La Conferenza Stato-Regioni, a cui ha partecipato anche il presidente della Regione Lazio, Nicola Zingaretti, ha espresso parere favorevole – informa sempre una nota – alla delibera della Giunta regionale sulla presa d’atto e recepimento del ‘Piano di riorganizzazione, riqualificazione e sviluppo del Servizio sanitario regionale 2019-2021’. 

“L’uscita dal commissariamento del Lazio e’ il risultato della piu’ grande azione riformatrice nel nostro Paese di un sistema sanitario regionale.

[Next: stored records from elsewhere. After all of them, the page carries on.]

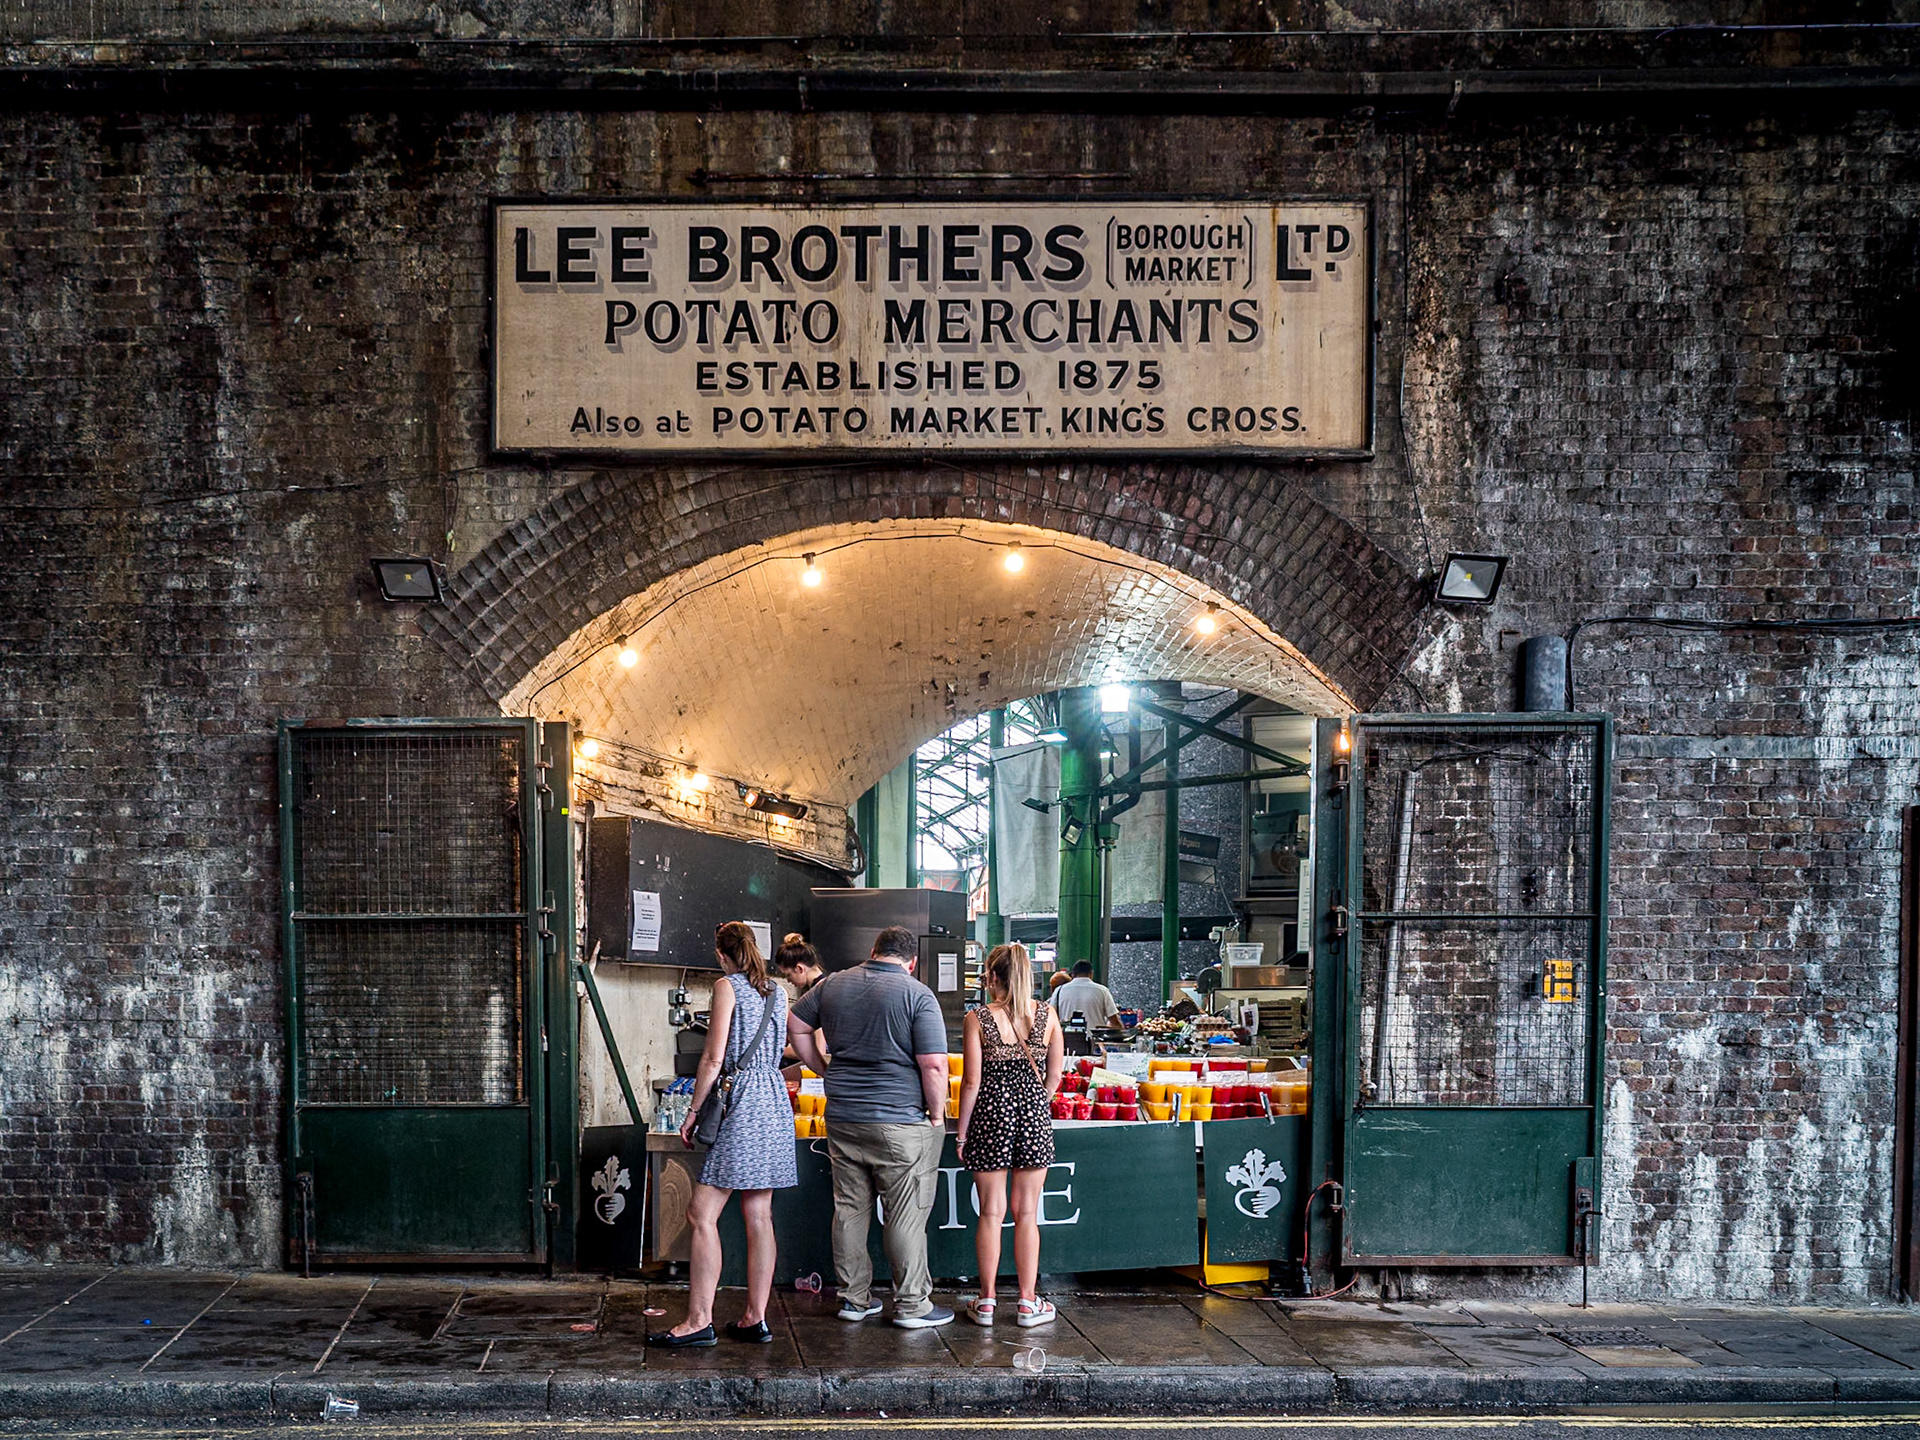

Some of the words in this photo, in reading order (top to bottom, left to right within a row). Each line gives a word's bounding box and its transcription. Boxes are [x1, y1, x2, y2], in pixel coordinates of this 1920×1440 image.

[514, 226, 650, 284] LEE
[688, 224, 1085, 285] BROTHERS
[604, 300, 839, 344] POTATO
[883, 299, 1260, 344] MERCHANTS
[696, 361, 1021, 391] ESTABLISHED
[1058, 360, 1161, 389] 1875
[570, 406, 640, 433] Also
[656, 410, 691, 433] at
[713, 407, 868, 433] POTATO
[891, 407, 1052, 437] MARKET,
[1061, 403, 1165, 433] KING'S
[1187, 406, 1307, 432] CROSS.
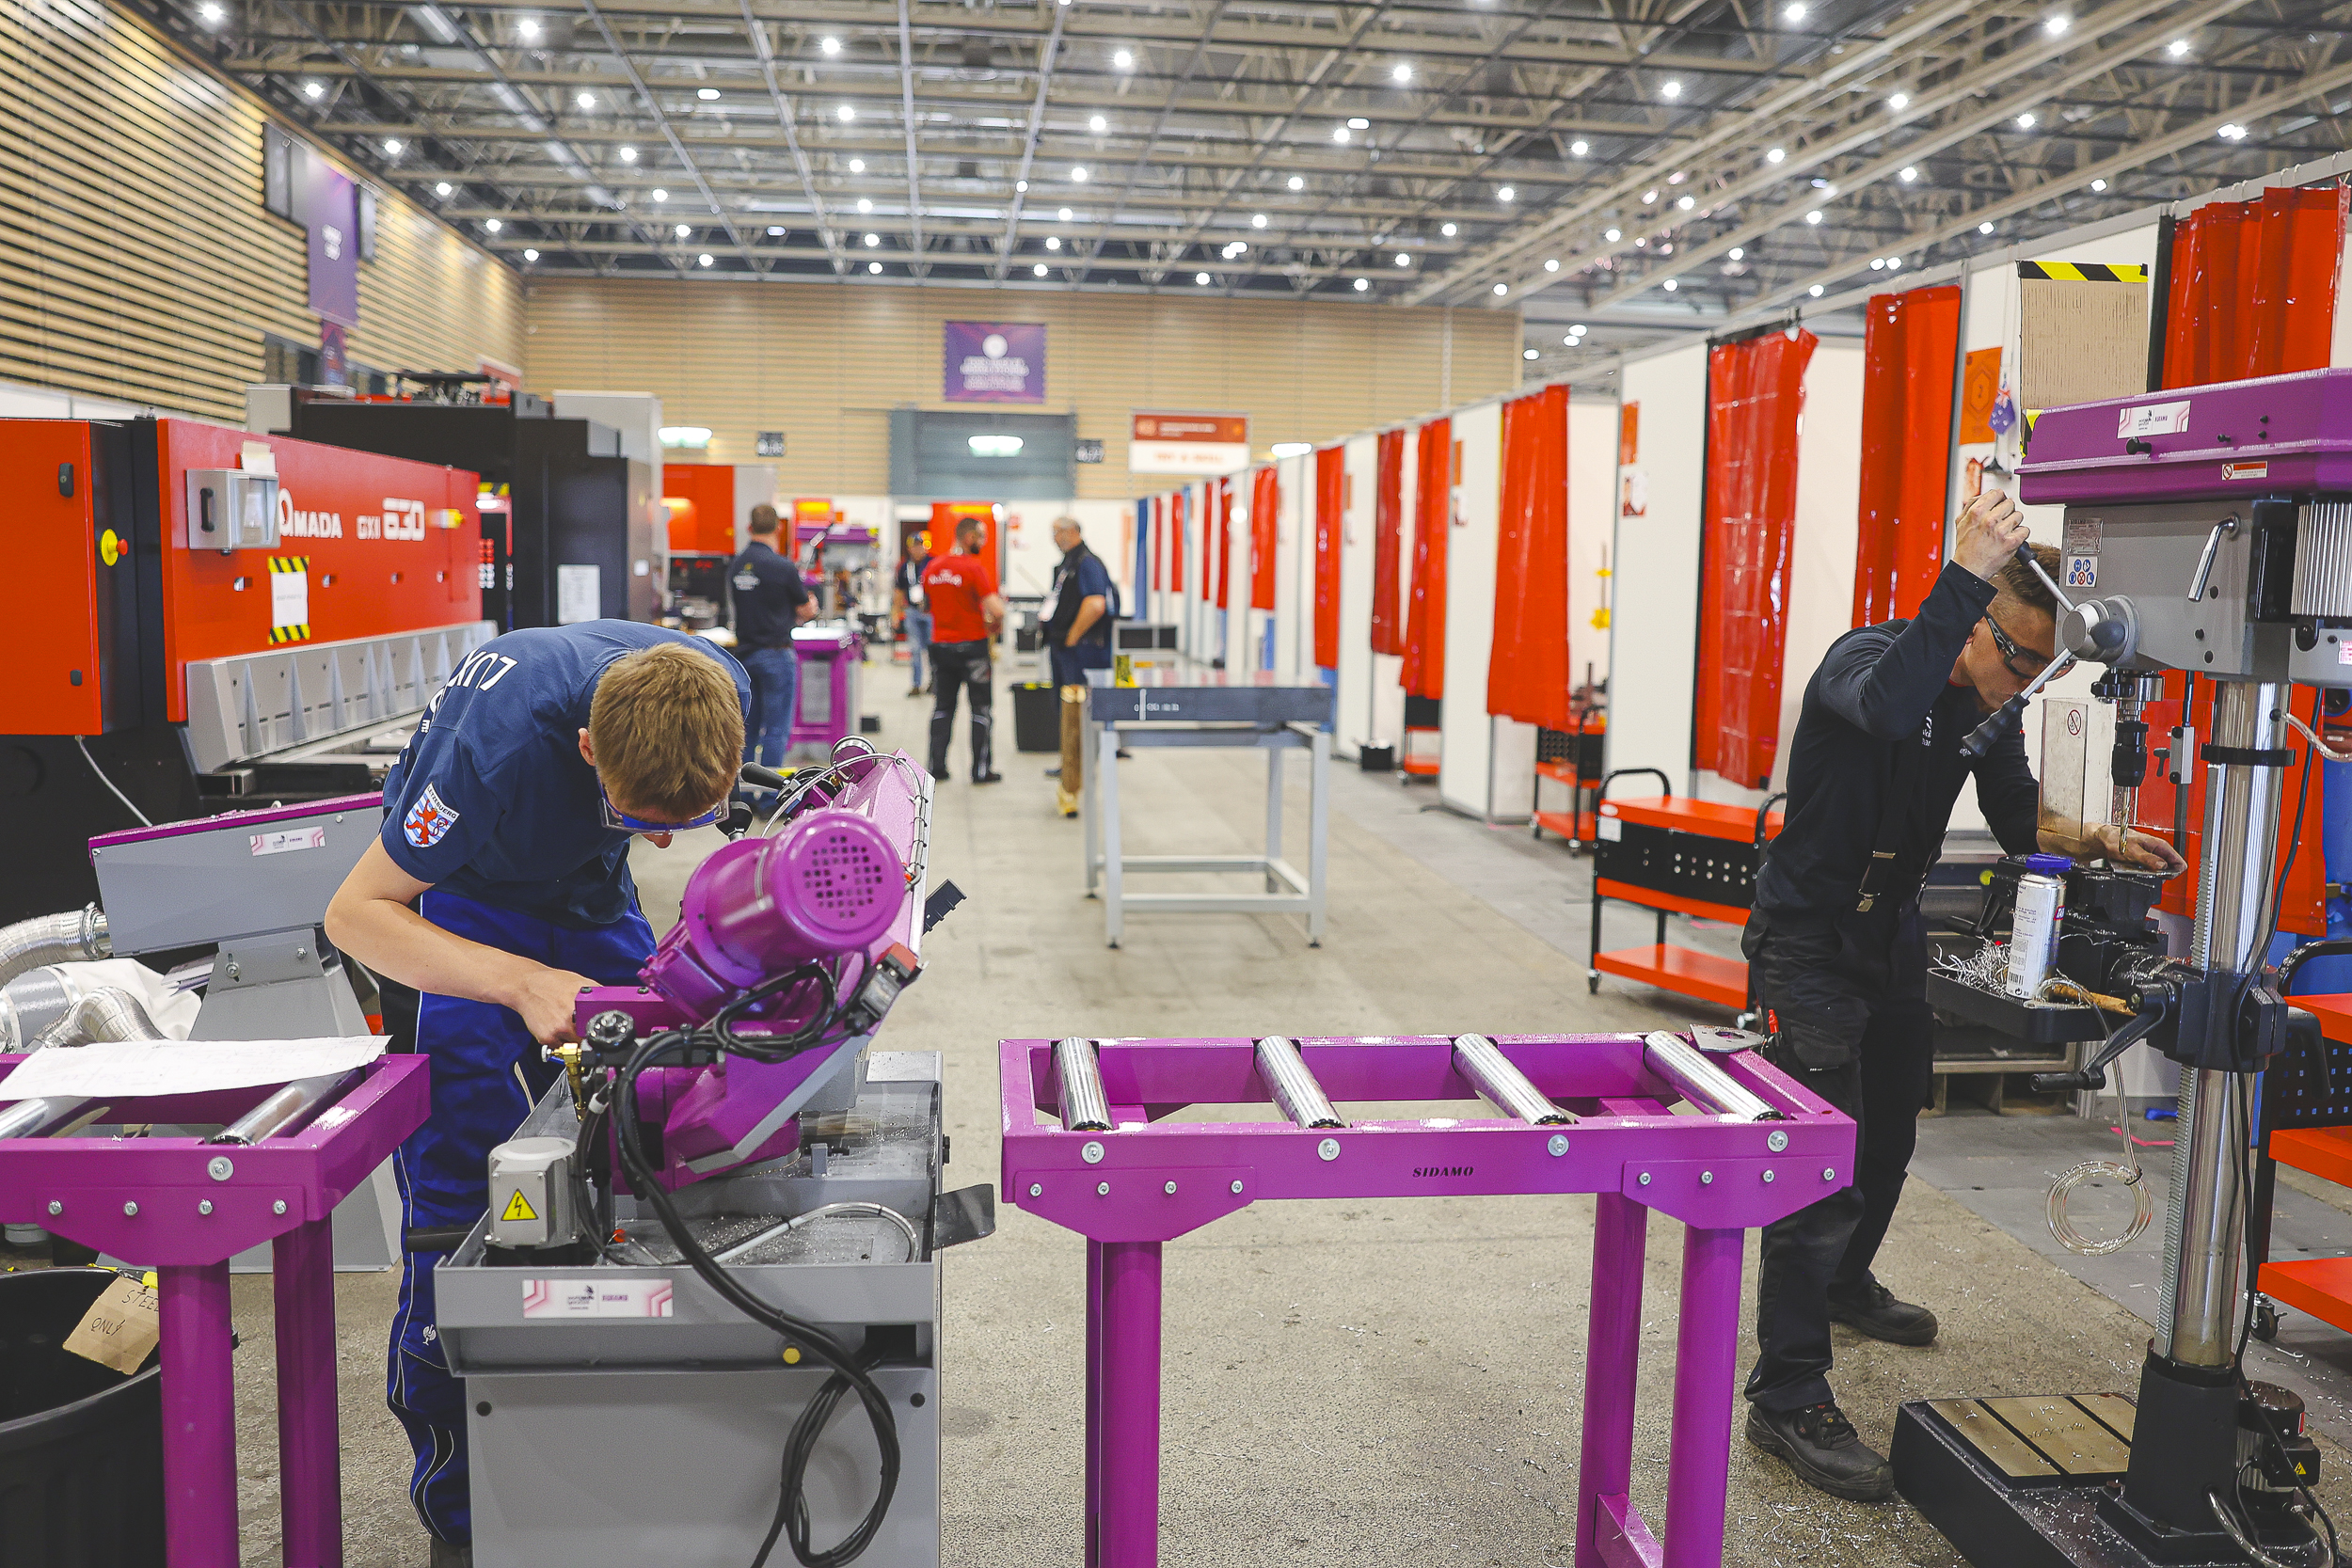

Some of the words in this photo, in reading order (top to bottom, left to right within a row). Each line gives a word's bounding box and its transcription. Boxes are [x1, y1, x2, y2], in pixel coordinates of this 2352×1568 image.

[382, 498, 425, 541] 630
[1412, 1166, 1474, 1178] SIDAMO
[91, 1317, 126, 1337] ONLY

Abbiamo dimostrato che si possono mantenere i conti in ordine senza effettuare tagli, ma aumentando l’erogazione dei Livelli Essenziali di Assistenza (LEA)”. Lo dichiara in una nota l’assessore alla Sanita’ e l’Integrazione Sociosanitaria della Regione Lazio, Alessio D’Amato, che esprime soddisfazione parlando di “missione compiuta” e “risultato storico”.

Con l’ok della Conferenza Stato-Regioni all’uscita dal commissariamento della Sanita’ del Lazio “si volta pagina, ce l’abbiamo fatta”. Lo ha detto il presidente della Regione Lazio, Nicola Zingaretti.
“Il Lazio in due giorni ha fatto tre goal: ieri abbiamo saputo che nella nostra regione c’e’ il piu’ alto numero di nuove imprese nel 2019, oggi abbiamo inaugurato a Frascati l’avvio del piu’ importante centro di produzione nucleare di energia pulita d’Europa, e oggi l’uscita dal commissariamento della Sanita’ – ha aggiunto il governatore – Questo vuol dire che c’e’ un riformismo che cambia le cose. Ora siamo in una bella stagione di assunzioni per rafforzare la qualita’ degli operatori e anche di investimenti di centinaia di milioni di euro sulla infrastrutture sanitarie”, ha detto.
“Vogliamo costruire un modello di difesa del diritto alla salute che unisce grandi strutture di eccellenza della sanita’ territoriale alla sanita’ domiciliare. Da oggi – ha concluso – si volta pagina, ce l’abbiamo fatta”.